Davranışlar ve sözler muhataplarda bir takım izler bırakır. Bu belki derin olur, belki hafif geçer. Psikolojik duruma, hassasiyete ve algılara göre değişir.

Güzel davranmak, güzel sözler sarfetmek, güzel izler bırakır. İnsanları mutlu eder, neşelendirir, ümitlendirir, dünyasını zevkli hale getirir. Sevmeyi, sevilmeyi, sevinmeyi, sevindirilmeyi kim istemez ki?

İnsan ruhunu, kalbini ve duygularını küçüklükten bu yana güzel ve iyi şeylerle mayalamazsa, kişilik inşasında noksan kalır. Oluşan boşlukları da kötü şeyler, kolayına ya da rahatına gelen şeyler doldurur. Bu da nefsani bir şeydir. Nefis hiçbir zaman kendisinden başkasını düşünmek istemez, “hep bana, hep bana” dedirtir. Başkalarını hesaba katmadan sürekli bencillik edeni de kimseler sevmez, dışlanır, yalnız kalır.

Yalnızlık ve dışlanmak, bencilliğin üzerine ilave edilirse, insanı iyice kötü yapar ve şeytanlaştırır. Şüpheler, vesveseler, endişe ve korkular etrafını yumak gibi sarar.
İnsan sorumluluk sahibi bir varlıktır. Kendi vücudundan ve duygularından sorumlu olduğu gibi, ailesine, toplumuna ve bütün evrene karşı da sorumlulukları vardır. Her şeyden önemlisi kendisini merhamet ve şefkatle besleyen Rabbine karşı sorumlulukları vardır. İnsanın kendini bilmesi, Rabbine karşı olan sorumluluğunu bilmesine bağlıdır.

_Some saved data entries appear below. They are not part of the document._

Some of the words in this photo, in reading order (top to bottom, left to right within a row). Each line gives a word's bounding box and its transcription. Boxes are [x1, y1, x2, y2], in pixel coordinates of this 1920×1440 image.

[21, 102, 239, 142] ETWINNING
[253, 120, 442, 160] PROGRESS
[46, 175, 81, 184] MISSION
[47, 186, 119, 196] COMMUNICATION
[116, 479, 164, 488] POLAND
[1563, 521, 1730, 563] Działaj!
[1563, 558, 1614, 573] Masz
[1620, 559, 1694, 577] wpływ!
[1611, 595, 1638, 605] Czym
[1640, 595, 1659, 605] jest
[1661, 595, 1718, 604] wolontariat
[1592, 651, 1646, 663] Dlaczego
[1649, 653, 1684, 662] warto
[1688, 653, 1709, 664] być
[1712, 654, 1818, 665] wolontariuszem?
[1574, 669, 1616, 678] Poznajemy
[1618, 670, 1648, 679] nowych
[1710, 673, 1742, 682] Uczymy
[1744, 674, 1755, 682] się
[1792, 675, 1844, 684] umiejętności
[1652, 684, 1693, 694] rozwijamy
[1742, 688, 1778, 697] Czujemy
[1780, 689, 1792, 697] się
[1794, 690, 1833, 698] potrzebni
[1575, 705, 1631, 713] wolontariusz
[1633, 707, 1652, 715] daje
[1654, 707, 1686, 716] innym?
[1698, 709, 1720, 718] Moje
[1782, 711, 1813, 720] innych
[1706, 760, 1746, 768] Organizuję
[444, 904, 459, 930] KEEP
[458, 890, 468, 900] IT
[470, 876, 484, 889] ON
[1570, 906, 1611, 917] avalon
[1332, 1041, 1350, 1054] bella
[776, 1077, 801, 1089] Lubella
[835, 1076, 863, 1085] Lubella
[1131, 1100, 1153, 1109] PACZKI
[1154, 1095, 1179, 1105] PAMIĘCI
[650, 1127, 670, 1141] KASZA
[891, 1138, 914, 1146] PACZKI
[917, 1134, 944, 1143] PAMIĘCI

Rabbimiz bizlere “Oku!, Adil ol! Dürst ol! Başkalarına yardım et!” gibi birçok sözleri yüce kitabı Kur’an-ı Keriminde elçisi Hz. Muhammed (asm) ile iletmiştir.

Nefis hesabına söylenen sözlerin peşine düşüp arka planını araştırmak nefsimizin hoşuna gider. Ama bunlar çoğunlukla boşa giden, fena bulan çabalardır. İnsanı rahatsız eder, mutsuzluğa iter, metabolizmasını bozar.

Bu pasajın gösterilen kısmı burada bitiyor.